Le temps est à la rationalité de l’impôt. C’est le constat majeur que l’on peut dégager des travaux des 3es Assises nationales de la fiscalité ouverts, vendredi 3 mai à Skhirat.  Et c’est Omar Faraj, patron de la direction générale des impôts (DGI), lui-même qui le fait savoir : « la dynamique que connait le Maroc nécessite un système fiscal  rationnel ». Sans rationalité fiscale il n’y a point d’«Équité fiscale », thème choisi pour cette troisième édition. D’autant plus que la prise de conscience collective des masses impacte la précision d’une hiérarchie des objectifs  de l’économie financière. Trouver le juste milieu est tout l’enjeu d’un tel exercice équilibriste. C’est ce que Mohammed Berrada, président du comité scientifique des Assises de la fiscalité de 2019, prône : baisse progressive des impôts et élargissement graduel de l’assiette fiscale.  Ce défi n’est pas tombé dans l’oreille d’un sourd. Le ministre de l’Économie et des Finances, Mohamed Benchaâboun, s’engage  « à ce que chaque Dirham provenant de l’élargissement de l’assiette fiscale se traduise par une baisse des taux et des dépenses sociales(…) Ce système fiscal sera construit progressivement sur une période de 5 années, à partir de la prochaine Loi de Finances», déclare-t-il.
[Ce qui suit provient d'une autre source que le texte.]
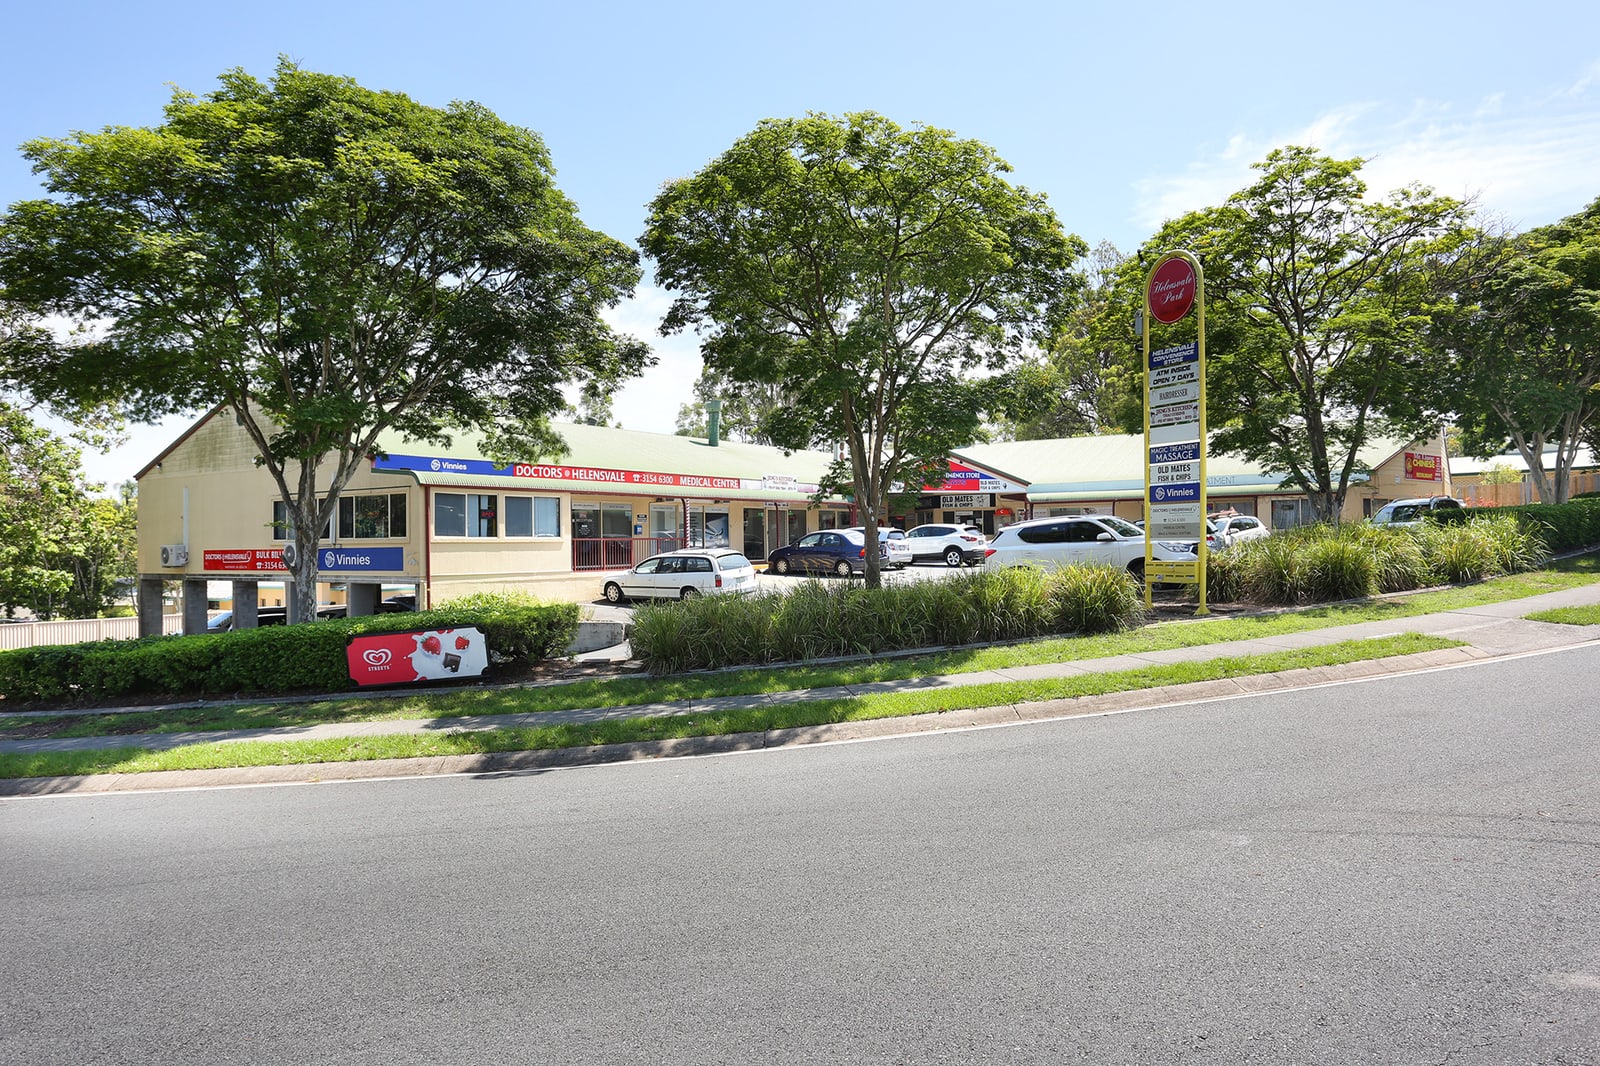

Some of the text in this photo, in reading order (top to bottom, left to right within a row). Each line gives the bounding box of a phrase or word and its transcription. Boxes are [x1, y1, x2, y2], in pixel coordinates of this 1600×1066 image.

[1154, 272, 1192, 294] Helensvale
[1163, 288, 1184, 304] Park
[1152, 342, 1196, 357] HELENSVALE
[1153, 349, 1195, 362] CONVENIENCE
[1163, 356, 1184, 366] STORE
[1156, 364, 1191, 377] ATM INSIDE
[1153, 376, 1171, 385] OPEN
[1177, 372, 1195, 381] DAYS
[1150, 443, 1199, 454] MAGIC TREATMENT
[1155, 450, 1193, 463] MASSAGE
[441, 462, 468, 471] Vinnies
[1157, 463, 1191, 474] OLD MATES
[1413, 459, 1436, 468] CHINESE
[516, 465, 563, 479] DOCTORS
[572, 469, 625, 482] HELENSVALE
[658, 475, 674, 485] 6300
[680, 476, 712, 487] MEDICAL
[713, 479, 739, 488] CENTRE
[1176, 473, 1192, 481] CHIPS
[1166, 487, 1195, 497] Vinnies
[942, 495, 974, 504] OLD MATES
[256, 551, 270, 559] BULK
[336, 553, 371, 566] Vinnies
Une annonce-choc pour le président du Conseil économique, social et environnemental (CESE), Ahmed Reda Chami. Celui-là même qui a pris l’occasion par les cheveux et il a su en tirer parti. «  Voilà un engagement fort que chaque dirham provenant de l’élargissement de l’assiette fiscale n’ira pas à la consolidation budgétaire… », lance-t-il. Aux yeux du ministre, l’élargissement de l’assiette fiscale  veut dire qu’aucun secteur et aucune activité ne doivent rester en dehors du champ de l’impôt. « Le principe est que tous les contribuables doivent déposer leur déclaration, même s’ils sont exonérés ou imposés à un taux zéro», apprend-il. À part les recettes fiscales, les différentes interventions ont soulevé  la question des dépenses fiscales  et leur efficience économique. Sur ce chapitre, Benchaâboun souligne que «l’approche d’encouragement des opérateurs économiques devrait être envisagée à l’avenir davantage à travers les dotations budgétaires, plutôt qu’au moyen des exonérations fiscales». Sera-t-il au rendez-vous ?
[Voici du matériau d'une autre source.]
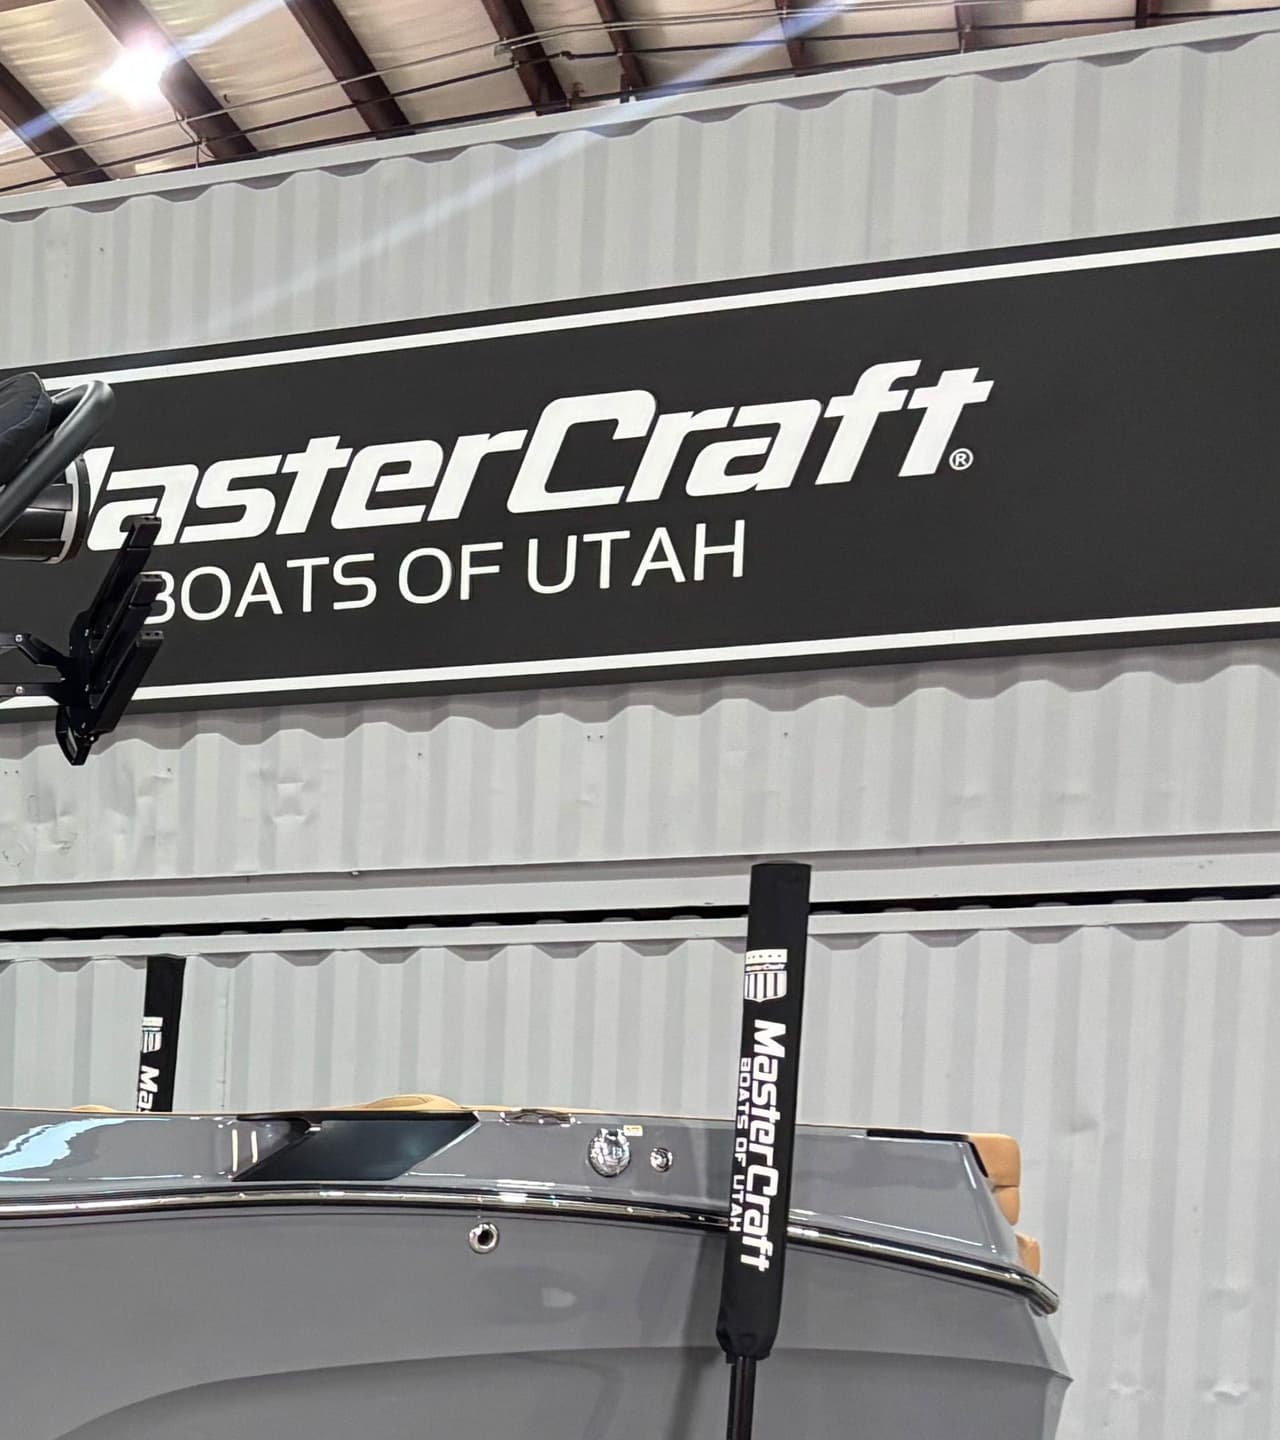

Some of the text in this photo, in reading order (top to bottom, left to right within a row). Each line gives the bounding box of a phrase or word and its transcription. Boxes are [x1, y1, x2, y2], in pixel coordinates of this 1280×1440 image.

Autre dossier chaud sur lequel le ministre est très attendu, les petits commerçants. « Il faudra simplifier la fiscalité aux petits commerçants et aux métiers de proximité qui souffrent actuellement du phénomène appelé mille-feuille fiscal », affirme-t-il. Qui dit mille-feuille fiscal dit fiscalité locale.  «C’est pour cette raison que le système fiscal doit être revisité et interrogé dans son intégralité et sa diversité : fiscalité de l’Etat, fiscalité locale et parafiscalité…l’objectif est d’aboutir à la réduction et à l’harmonisation des bases d’imposition et des procédures fiscales dans le cadre d’un seul et unique Code général des impôts», promet-il.
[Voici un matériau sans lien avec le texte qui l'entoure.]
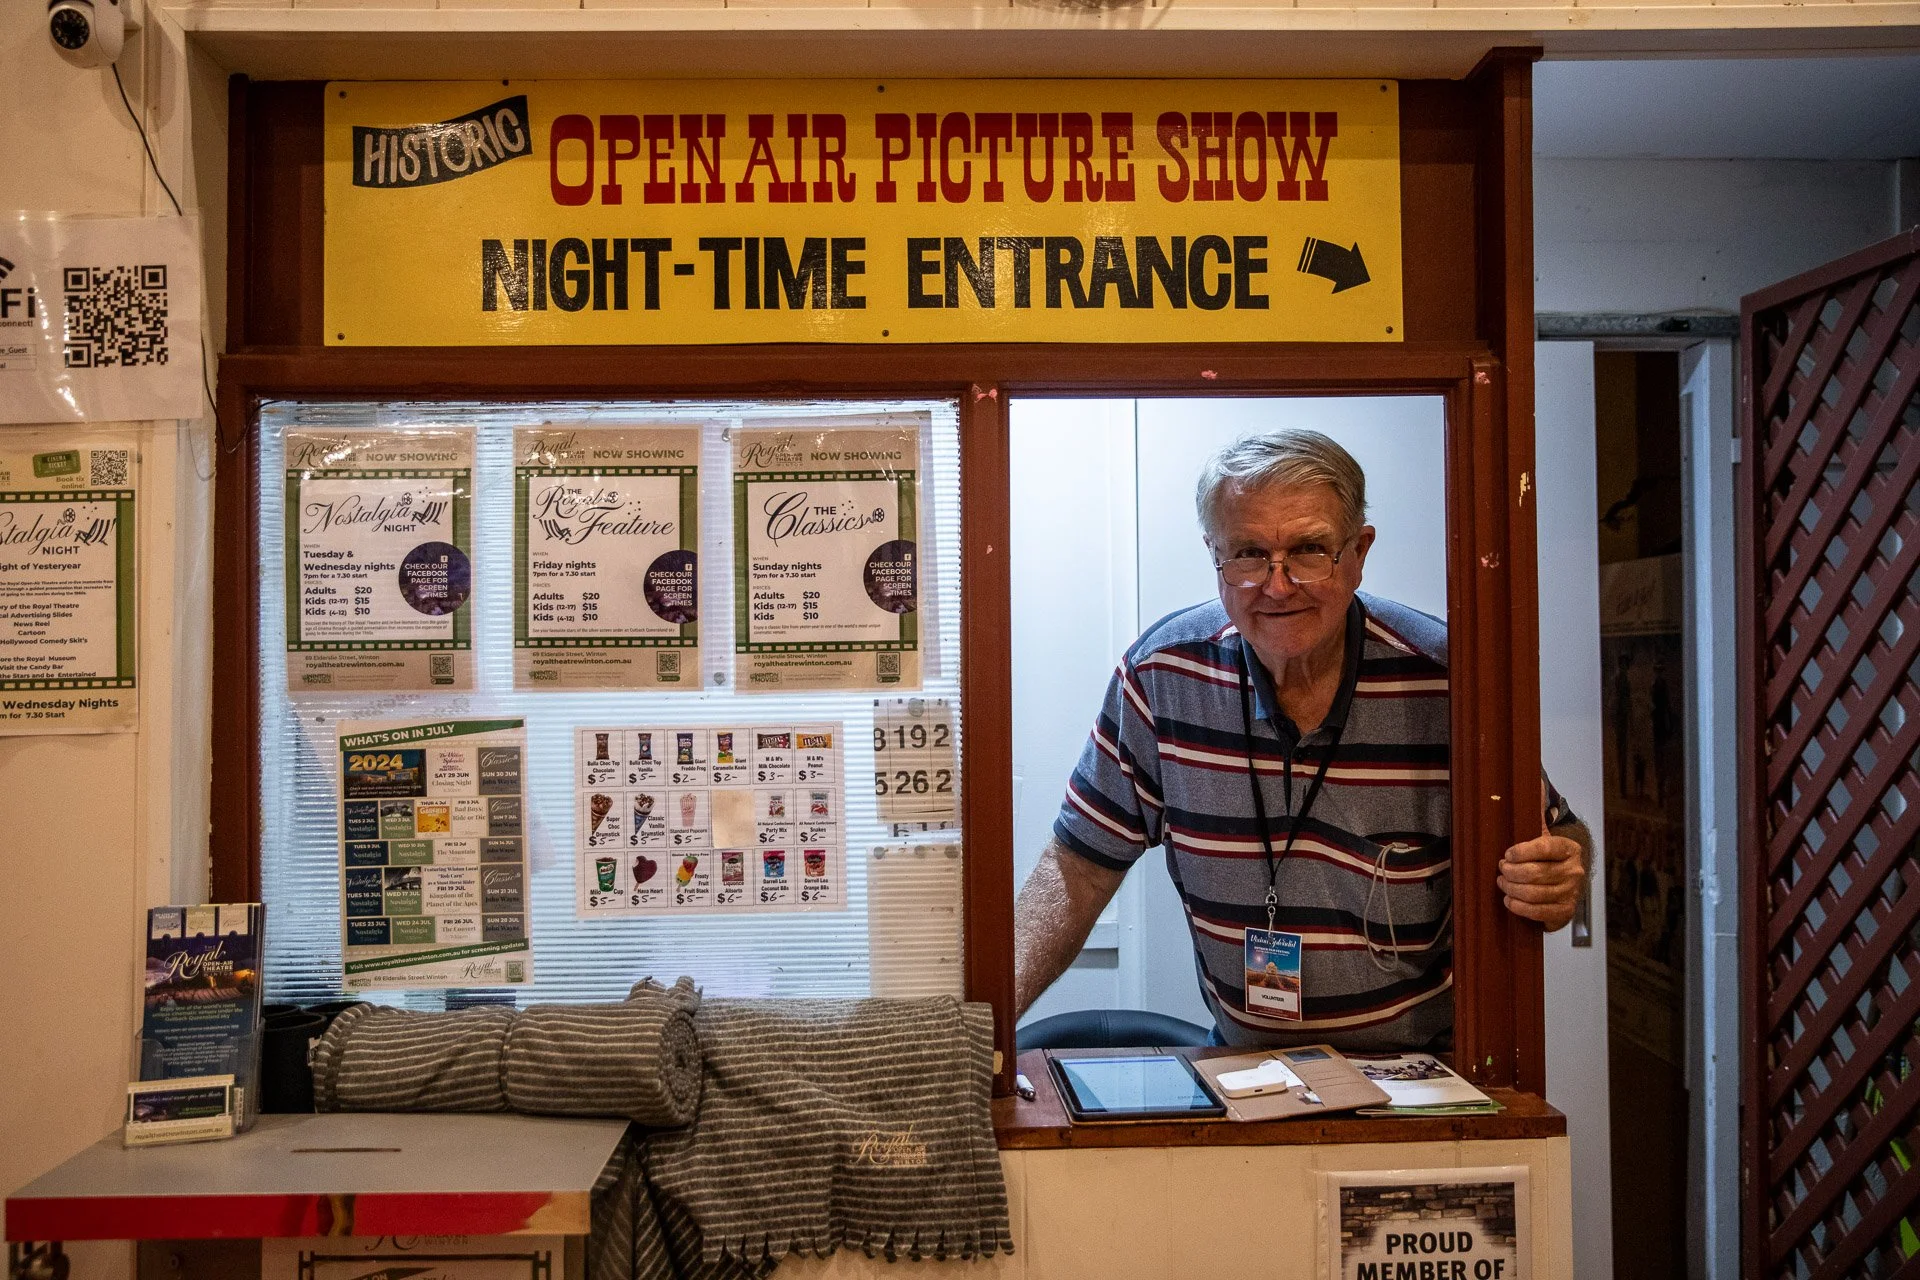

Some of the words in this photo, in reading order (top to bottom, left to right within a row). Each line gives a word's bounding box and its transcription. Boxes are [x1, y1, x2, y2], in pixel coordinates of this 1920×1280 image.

[363, 107, 526, 184] HISTORIC
[550, 113, 726, 206] OPEN
[735, 113, 857, 204] AIR
[875, 111, 1136, 203] PICTURE
[1157, 110, 1338, 202] SHOW
[482, 236, 867, 312] NIGHT-TIME
[907, 234, 1270, 310] ENTRANCE
[593, 450, 624, 459] NOW
[626, 450, 685, 459] SHOWING
[738, 434, 796, 469] Royal
[810, 451, 841, 461] NOW
[844, 451, 902, 461] SHOWING
[366, 452, 398, 462] NOW
[401, 452, 458, 462] SHOWING
[303, 494, 410, 534] Nostalgia
[814, 506, 837, 515] THE
[763, 491, 867, 548] Classics
[384, 524, 417, 532] NIGHT
[565, 506, 676, 545] Feature
[42, 545, 80, 555] NIGHT
[303, 550, 345, 560] Tuesday
[33, 562, 82, 572] Yesteryear
[303, 562, 362, 572] Wednesday
[364, 562, 396, 572] nights
[533, 561, 563, 571] Friday
[565, 561, 597, 571] nights
[753, 562, 789, 573] Sunday
[791, 562, 822, 572] nights
[871, 568, 912, 576] FACEBOOK
[304, 586, 337, 595] Adults
[354, 586, 373, 595] $20
[753, 591, 785, 600] Adults
[802, 591, 820, 600] $20
[304, 596, 327, 605] Kids
[328, 597, 349, 606] (12-17)
[354, 596, 370, 605] $15
[533, 592, 565, 601] Adults
[582, 592, 600, 601] $20
[32, 603, 52, 611] Royal
[304, 606, 327, 616] Kids
[328, 609, 348, 617] (4-12)
[354, 606, 371, 616] $10
[533, 603, 554, 611] Kids
[556, 604, 576, 612] (12-17)
[582, 602, 598, 611] $15
[753, 602, 775, 610] Kids
[776, 603, 797, 611] (12-17)
[802, 602, 818, 610] $15
[10, 611, 51, 619] Advertising
[533, 613, 554, 622] Kids
[556, 615, 575, 623] (4-12)
[582, 613, 598, 622] $10
[753, 612, 775, 621] Kids
[802, 612, 819, 621] $10
[39, 637, 68, 645] Comedy
[305, 661, 405, 670] royaltheatrewinton.com.au
[532, 657, 632, 667] royaltheatrewinton.com.au
[753, 659, 853, 669] royaltheatrewinton.com.au
[29, 664, 51, 672] Candy
[3, 699, 76, 710] Wednesday
[78, 698, 119, 709] Nights
[344, 731, 390, 748] WHAT'S
[391, 730, 410, 742] ON
[412, 728, 425, 739] IN
[426, 723, 456, 737] JULY
[348, 753, 404, 772] 2024
[456, 778, 472, 788] Night
[471, 945, 501, 955] screening
[500, 941, 525, 951] updates
[163, 940, 227, 980] Royal
[1386, 1231, 1474, 1255] PROUD
[1356, 1260, 1467, 1280] MEMBER
[1474, 1258, 1506, 1280] OF
Un chantier titanesque vu que les recettes fiscales procurent 80% du budget de l’État. C’est donc de la stabilisation dirigée de la conjoncture dont on parle. Accorder crédit à ces grandes promesses suppose de grandes actions. L’argentier du royaume sera-t-il en mesure de supprimer la cotisation minimale et la taxe professionnelle comme l’a bien souhaité Berrada?

 

Unification du référentiel des prix des transactions immobilières

«Un référentiel unifié des prix immobiliers, élaboré sous la responsabilité commune de l’Agence de la conservation foncière et de la DGI, entrera en vigueur au cours de ce mois pour Casablanca, avant d’être progressivement généralisé. Il sera actualisé chaque semestre, dans un cadre de concertation avec les professionnels, et devra refléter la réalité des marchés », annonce Benchaaboun.